Common causes of these congenital heart defects include genetic factors, prenatal influences such as family history, maternal infections like rubella, maternal age over 35, maternal alcohol or cigarette use during pregnancy, prematurity, and high maternal blood glucose levels.
For babies diagnosed with a small VSD and showing no symptoms, regular check-ups with a cardiologist are recommended. However, if a VSD does not heal naturally by the age of one, heart surgery may be recommended.
Babies with VSD may show signs such as a heart murmur, fast breathing, signs of exhaustion while feeding, sweating or crying while being fed, and slow weight gain. Proper oral hygiene is important for a baby with VSD, as bacteria from the mouth may enter the bloodstream and cause an infection in the inner linings of the heart.

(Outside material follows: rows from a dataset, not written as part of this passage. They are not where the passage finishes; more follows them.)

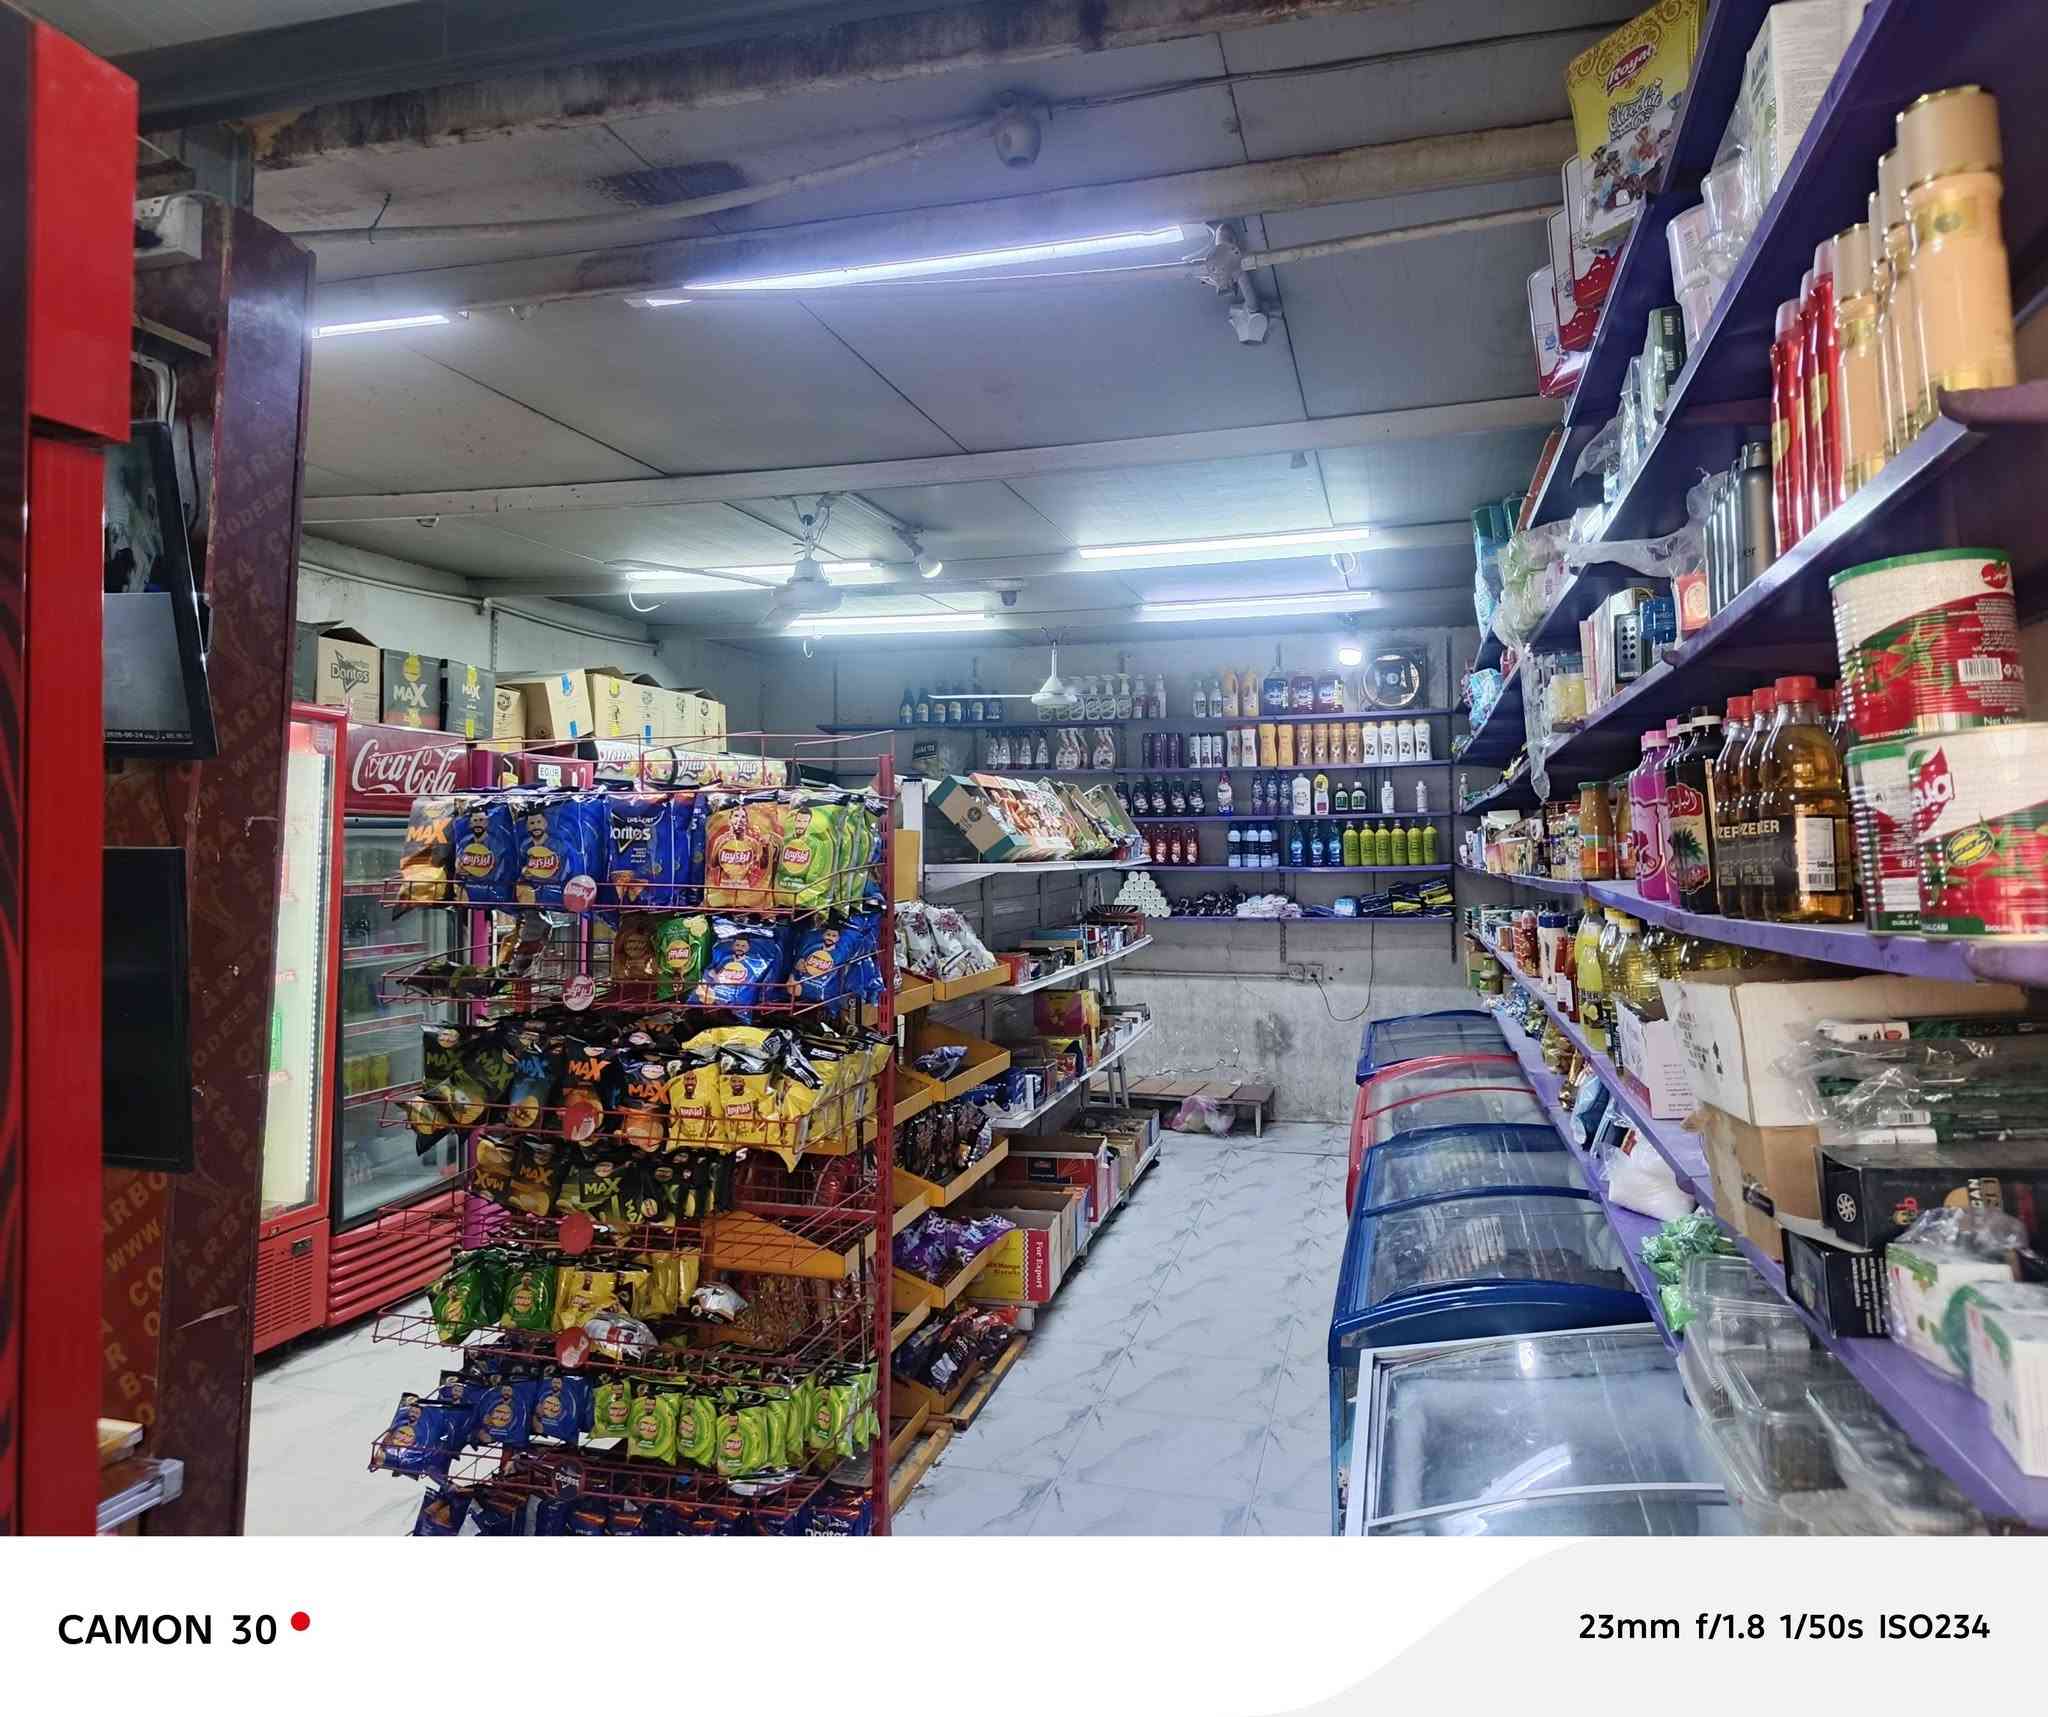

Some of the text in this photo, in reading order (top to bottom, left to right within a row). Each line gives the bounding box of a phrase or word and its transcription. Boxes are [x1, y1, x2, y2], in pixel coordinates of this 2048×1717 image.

[393, 682, 429, 708] MAX
[352, 739, 457, 794] Coca-Cola
[405, 816, 452, 844] MAX
[568, 1057, 611, 1081] MAX
[628, 1080, 673, 1104] MAX
[519, 1165, 553, 1185] MAX
[584, 1177, 622, 1196] MAX
[1034, 1259, 1044, 1288] Export

ASD is a hole in the wall between the heart's two upper chambers (atria), while VSD is a hole in the septum between the two lower chambers (ventricles). Small ASDs may not require treatment and can close on their own. Larger or persistent ASDs usually require closure to prevent complications like heart rhythm problems or heart failure.
The treatment for ASD can be done by cardiac catheterization (transcatheter closure), a minimally invasive procedure where a device is inserted through a blood vessel to seal the hole, or open-heart surgery, depending on the size, location, or specific patient factors such as associated syndromes. Follow-up care is important post-treatment to monitor for complications.
Treatment for VSD depends on defect size and symptoms. Small VSDs may close spontaneously without intervention. Larger VSDs or those causing symptoms (such as breathlessness, poor growth) generally require surgical repair to prevent heart failure or lung damage. Surgery involves patching the hole in the ventricular septum. Medical management with medications may be used to manage symptoms like heart failure until surgery.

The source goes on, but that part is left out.